In February 2025, new home prices in China decreased by 4.9% year-on-year and 0.1% month-on-month. This follows a 5% drop in January compared to the previous month.
The housing sector is under continued strain. The People’s Bank of China set today’s USD/CNY reference rate at 7.1688, higher than the estimated 7.2199, marking the strongest value for the yuan since November 2024.
Monetary Policy Considerations
Reports indicated China may consider easing monetary policy at an appropriate time. Additionally, Shenzhen has announced relaxed housing finance rules, while a new 30-point plan aims to stimulate domestic consumption.
These shifts in the housing market and monetary policy decisions are shaping expectations. House prices continue to slide, showing weakness in a sector that has long been a pillar of economic stability. With February marking another drop in property values, there is little sign of relief yet. While the 0.1% month-on-month decline suggests some moderation compared to previous figures, the overall trajectory remains downward. The annual decline paints a broader picture of prolonged difficulties rather than a temporary blip.

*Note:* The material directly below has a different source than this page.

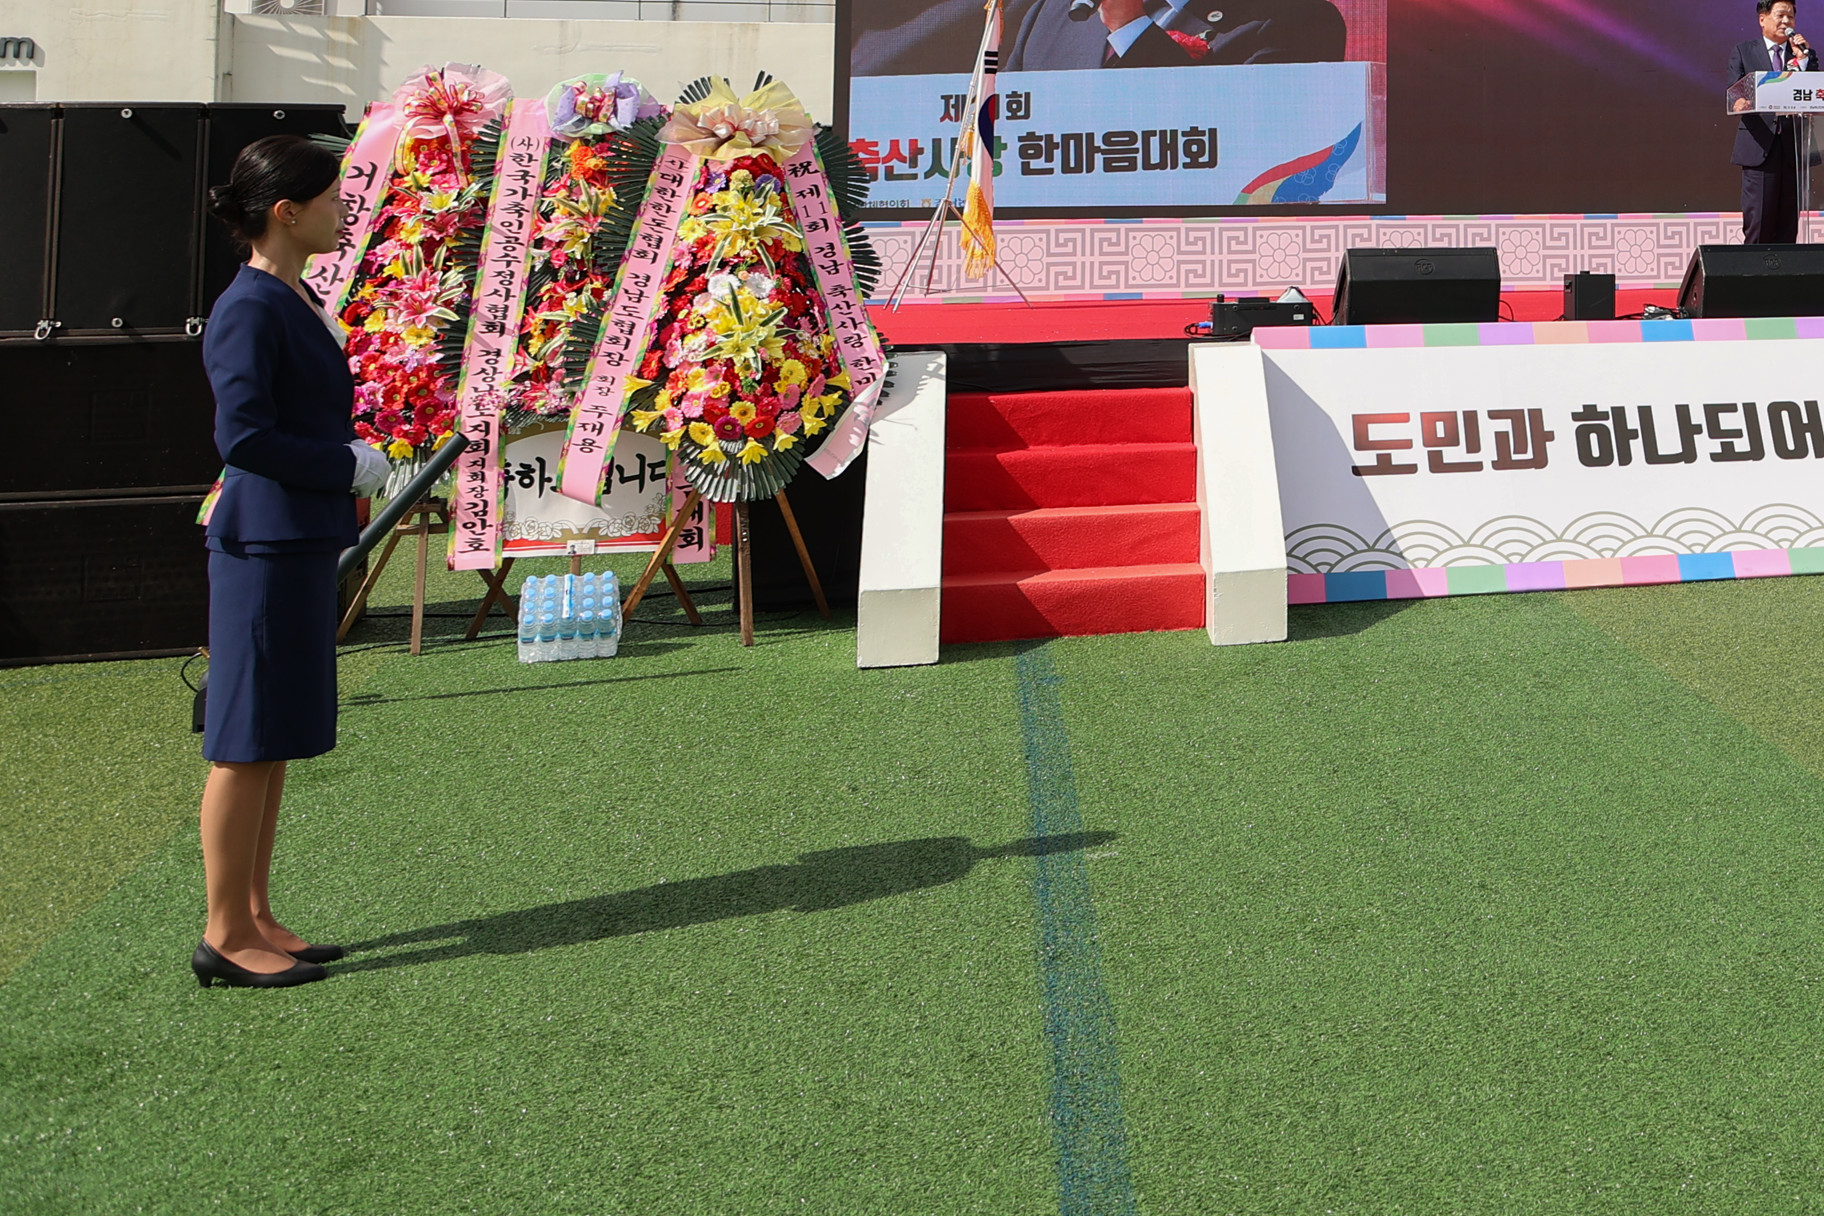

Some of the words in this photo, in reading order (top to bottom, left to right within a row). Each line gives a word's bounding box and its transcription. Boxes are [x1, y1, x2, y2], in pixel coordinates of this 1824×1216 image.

Meanwhile, the exchange rate setting by the People’s Bank of China reflects a firm stance on currency management. By fixing the yuan at its strongest level since late 2024 and well below estimates, the central bank has made its position clear. This choice signals an attempt to counter depreciation pressures while maintaining control over capital flows. The difference between market estimates and the actual fixing suggests authorities remain committed to stability, regardless of external trends.
Market Sentiment And Future Outlook
Amidst these policy moves, officials are weighing further adjustments to monetary policy. Recent reports indicate an openness to easing at the right moment, though specific details remain unannounced. Any such decision would likely aim to support economic activity, especially as growth concerns persist. Shenzhen’s move to relax housing finance rules suggests local governments are already taking steps to cushion the sector. The newly announced 30-point plan for boosting domestic consumption ties into this, with authorities displaying a multi-pronged approach to sustaining demand.
All of these developments are shaping market sentiment. Housing policies, liquidity measures, and currency management will all play a role in the coming weeks, and responses to these factors must reflect careful consideration.